Description
Hi, we tried to run Resnet50 pretrained inference model on the DLA of Jetson AGX Orin using this code: GitHub - NVIDIA-AI-IOT/jetson_dla_tutorial: A tutorial for getting started with the Deep Learning Accelerator (DLA) on NVIDIA Jetson.
The resnet50 pretrained model is used from torhvision.models module. We have used the same format for creating the TRT builder, creating the TRT engine, creating IO buffers and doing the inference using async_exec_v2 function.

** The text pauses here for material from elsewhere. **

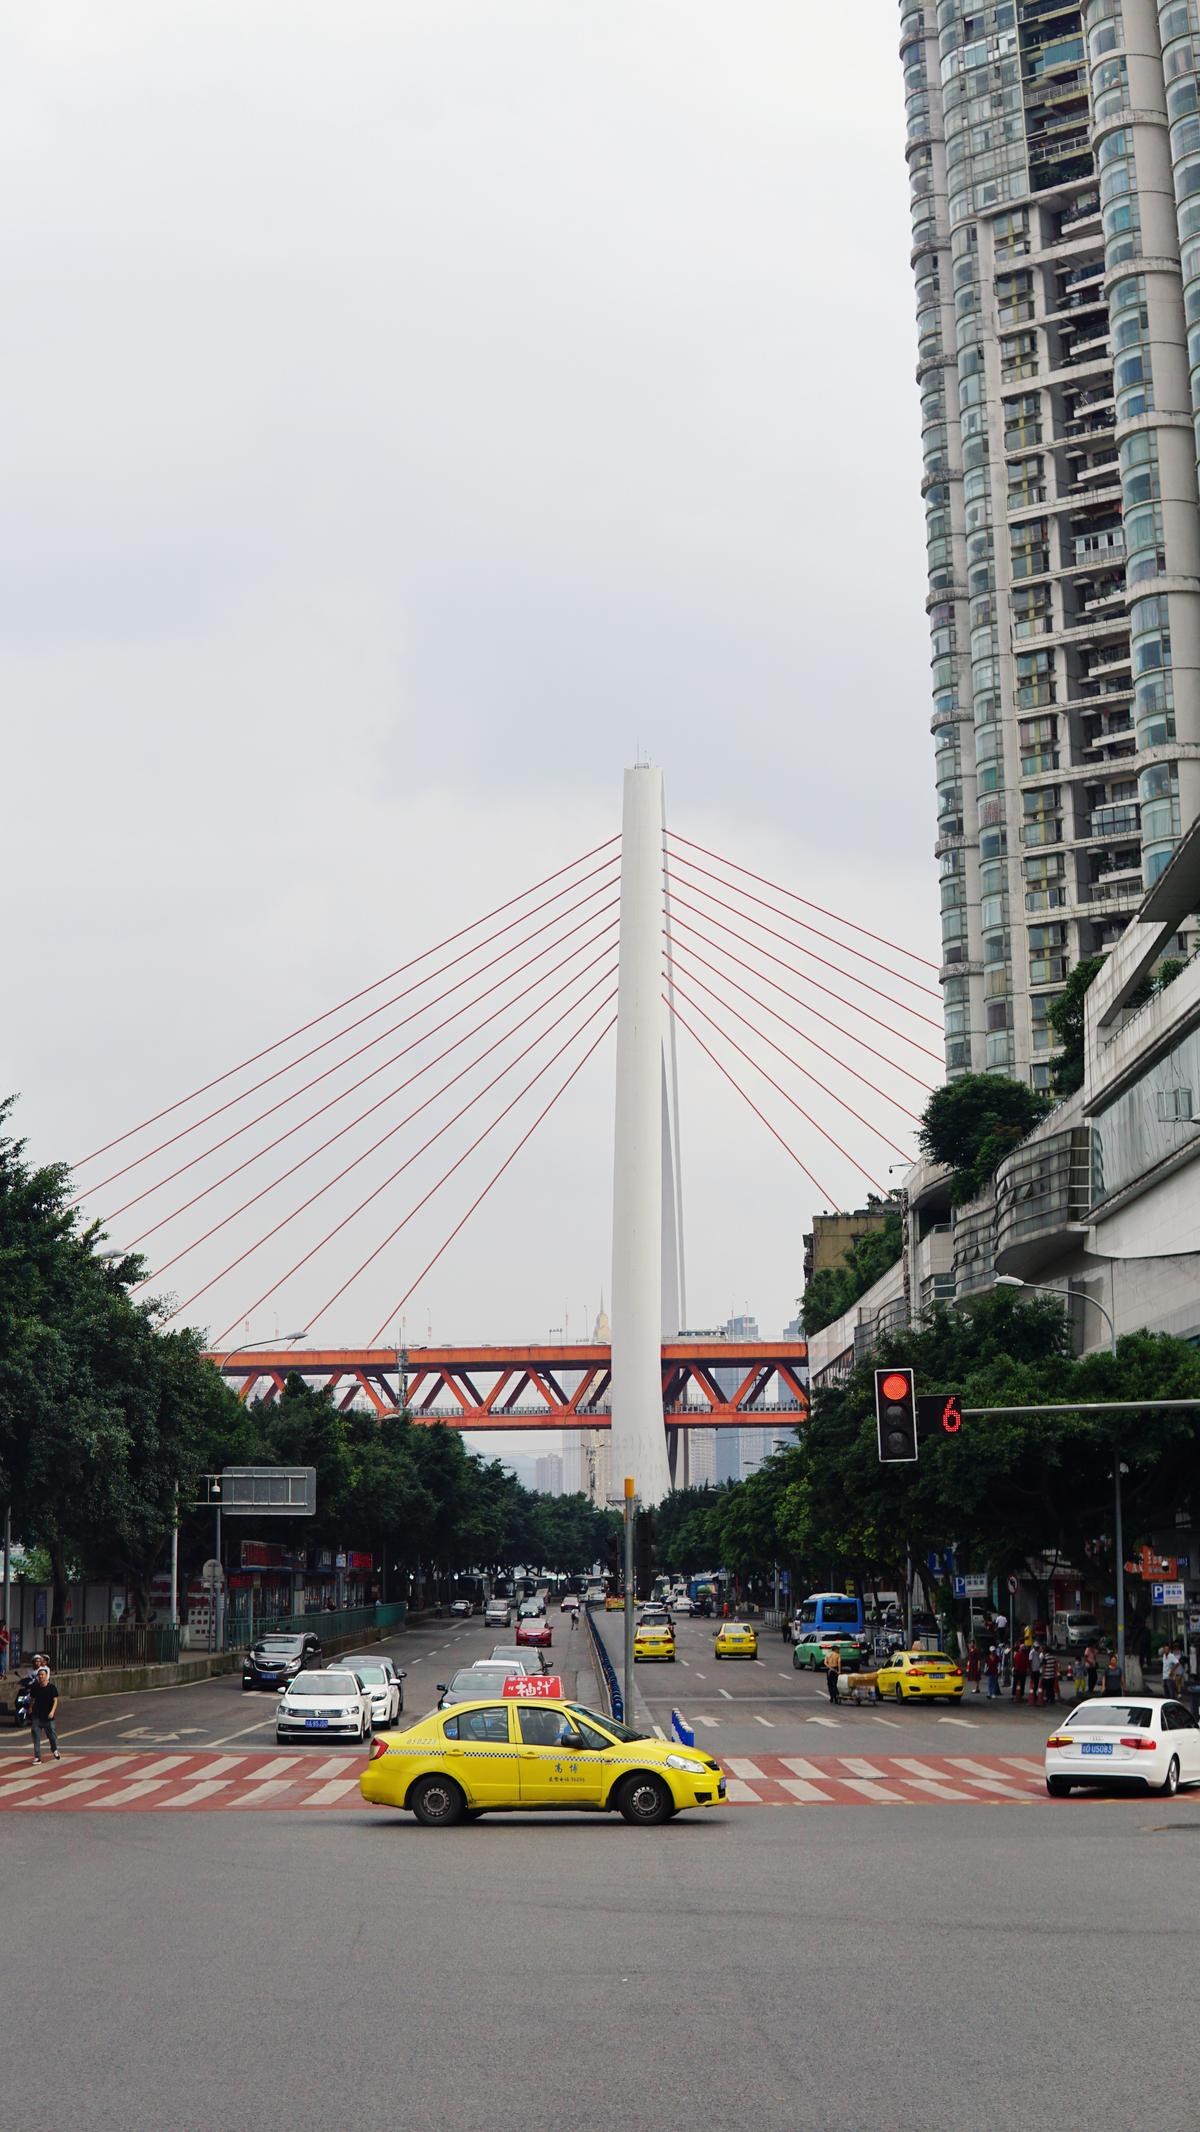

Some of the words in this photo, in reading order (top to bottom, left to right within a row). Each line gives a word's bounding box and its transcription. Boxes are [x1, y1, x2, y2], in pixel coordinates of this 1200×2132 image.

But, the slowdown in compute time for DLA, when compared to the GPU is much higher than expected.
For batch_size = 1, The compute time when GPU is used = 1.2 ms and the compute time when DLA is used = 19ms, which is 15x degradation.
Similarly, for batch_size = 16, The compute time when GPU is used = 8 ms and the compute time when DLA is used = 333ms, which is 40x degradation.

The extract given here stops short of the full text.